Monday, August 23, 2010

I need advice badly ...cause im going 2 leave my husband of 4 years?

me an my husband hav been married 4 years the whole time his now 86 year old dad has lived with us ok????well my husband and i bought a house 2 months ago ok????now his mom is moving in at 82 years old and her ex-husband ...my father in-law an they been divorced 52 years?????????i told my husband i didnt want his mom living with us ...he says your just spitting out drama my mom an dad has helped you an me you owe them do i ???hes in debt with the woman not me....we ';ve beeen argueing since she moved in a week ago....ha takes up for his people saying i like drama etc ......his mom owns her own home....should i go ???house is also in my name???????????im 32 ,hes 62 their 82 an 86I need advice badly ...cause im going 2 leave my husband of 4 years?
First off, you has husband and wife should have discussed this and made a decision together.

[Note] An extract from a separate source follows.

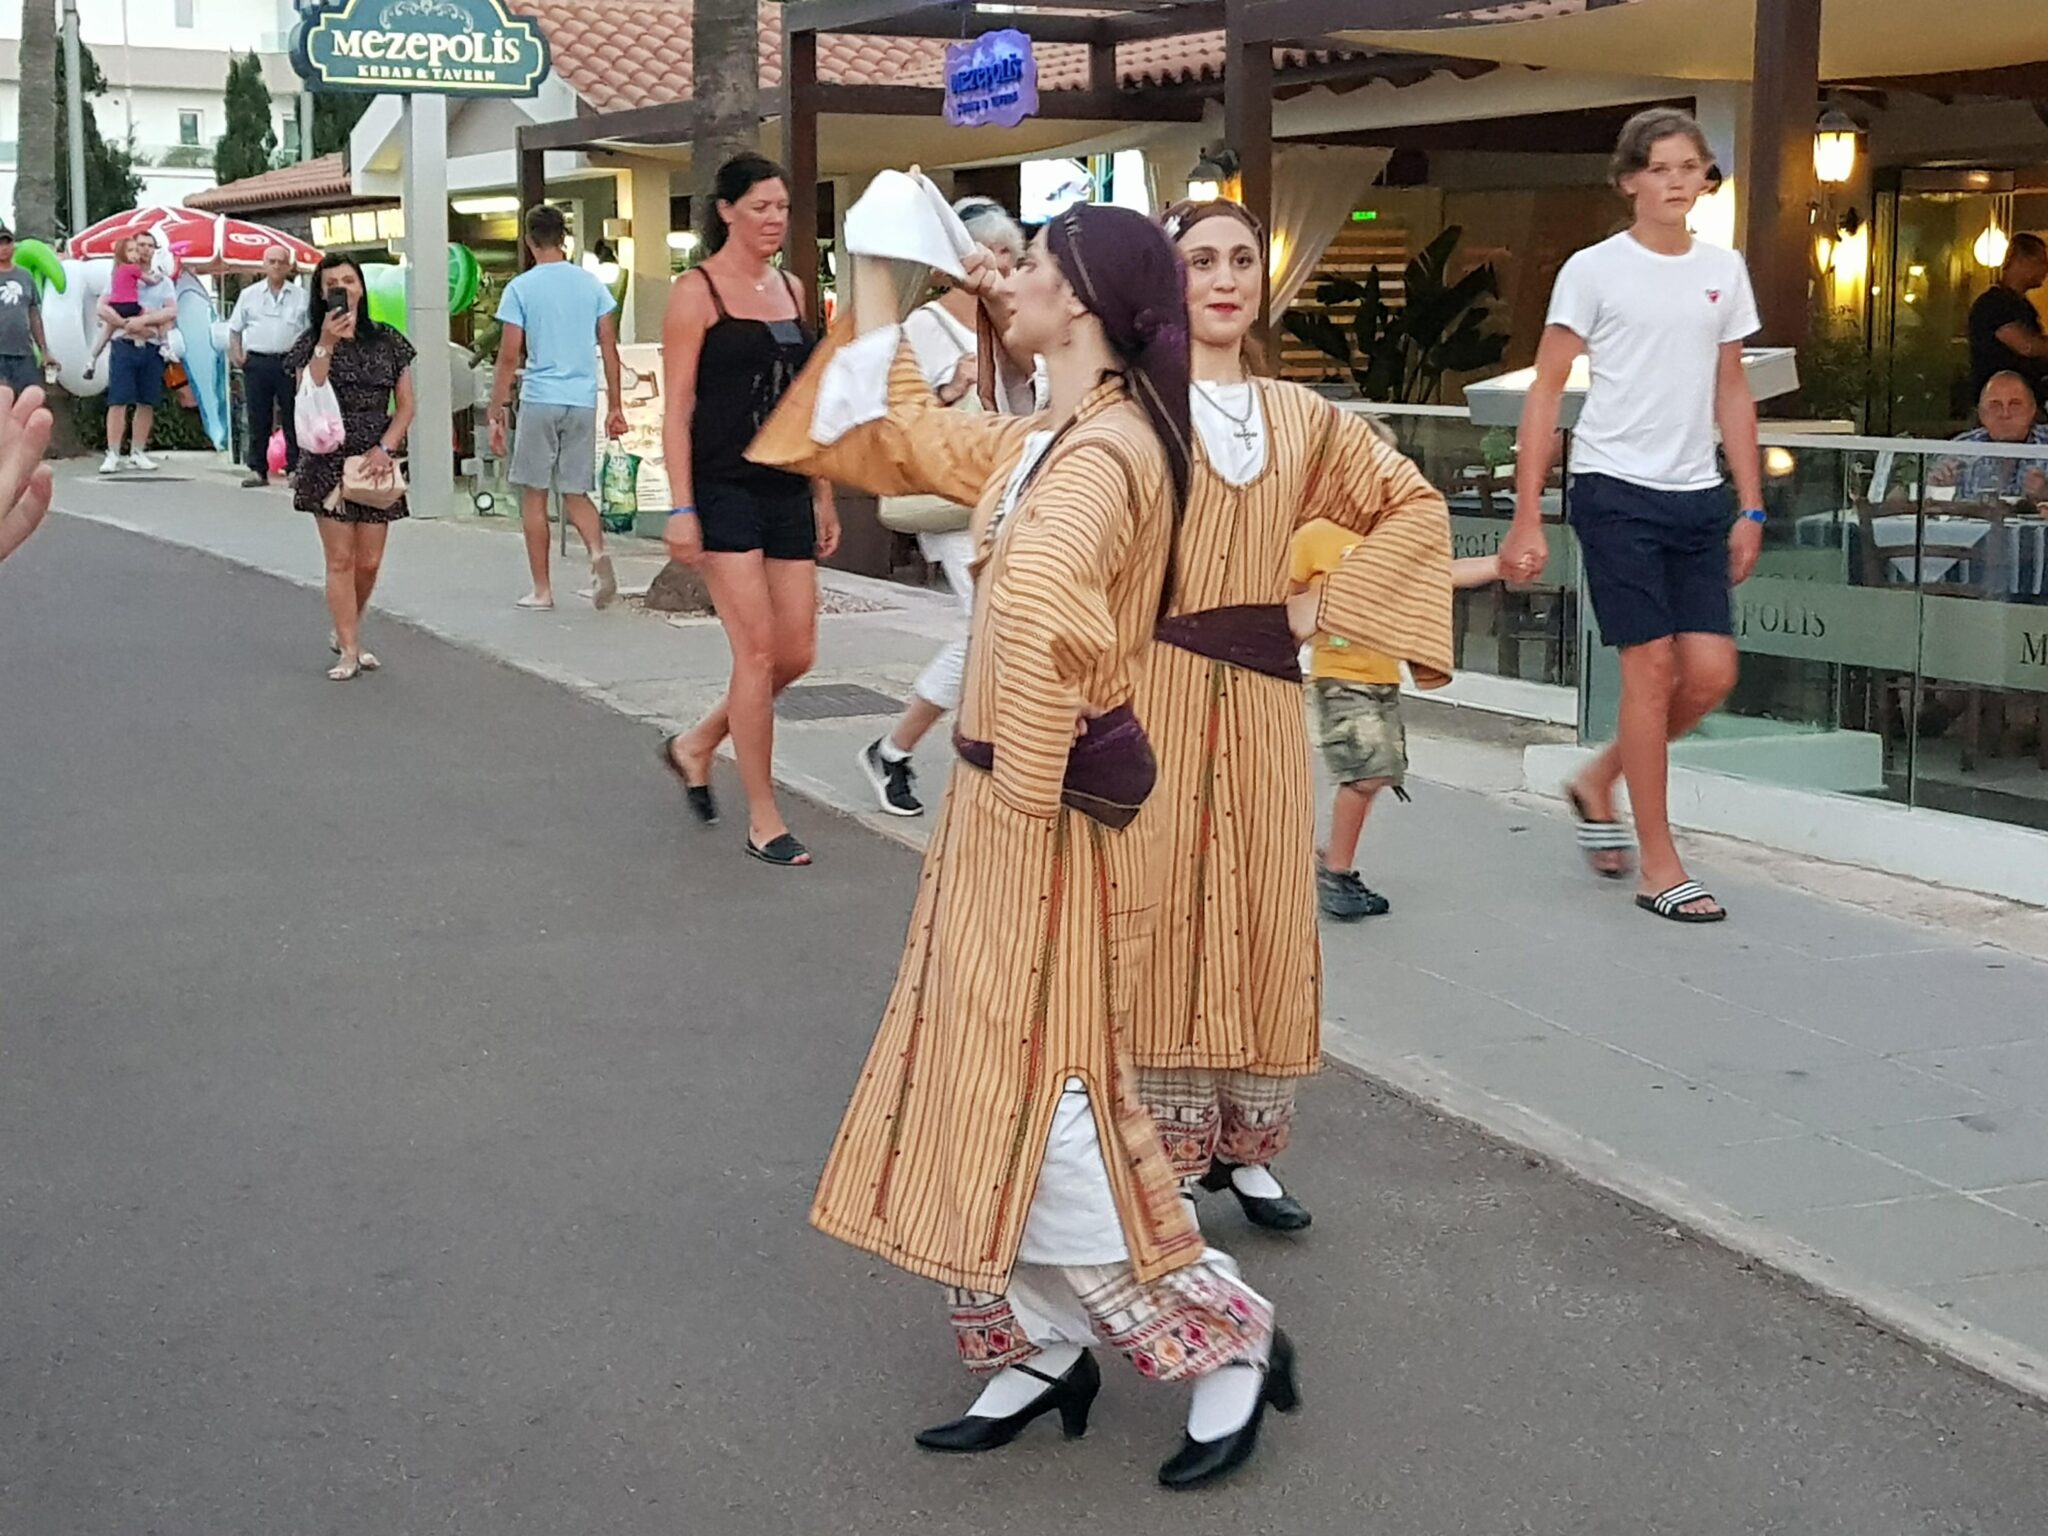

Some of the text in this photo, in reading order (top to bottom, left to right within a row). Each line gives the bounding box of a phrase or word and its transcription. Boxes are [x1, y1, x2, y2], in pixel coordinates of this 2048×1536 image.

He is giving you no respect has his wife. What is the reason for Mom and Dad moving in and living there vies coming for a visit. If they are no longer able to live by them self's due to health reasons. It should be discussed about finding a residential care of assisted living place. They are not nursing homes. These places have their own garage, own apartments. they offer lots of interaction with others and they have only their meals in a dining area. But it really is a nice thing to do for them, if they are active. sure its scary at first but trust me they will love it. if not at least you tried something. You tell your husband it isn't about Drama, its about our marriage, and you should come first.I need advice badly ...cause im going 2 leave my husband of 4 years?
I think that i would run too. Sounds like your husband needs to cut the cord!! The two of you would never get any alone time. Is assisted living an option? I would ask about that first, and if he says no, then I would think about my options.Good Luck!
things look like they are going to get worse for you.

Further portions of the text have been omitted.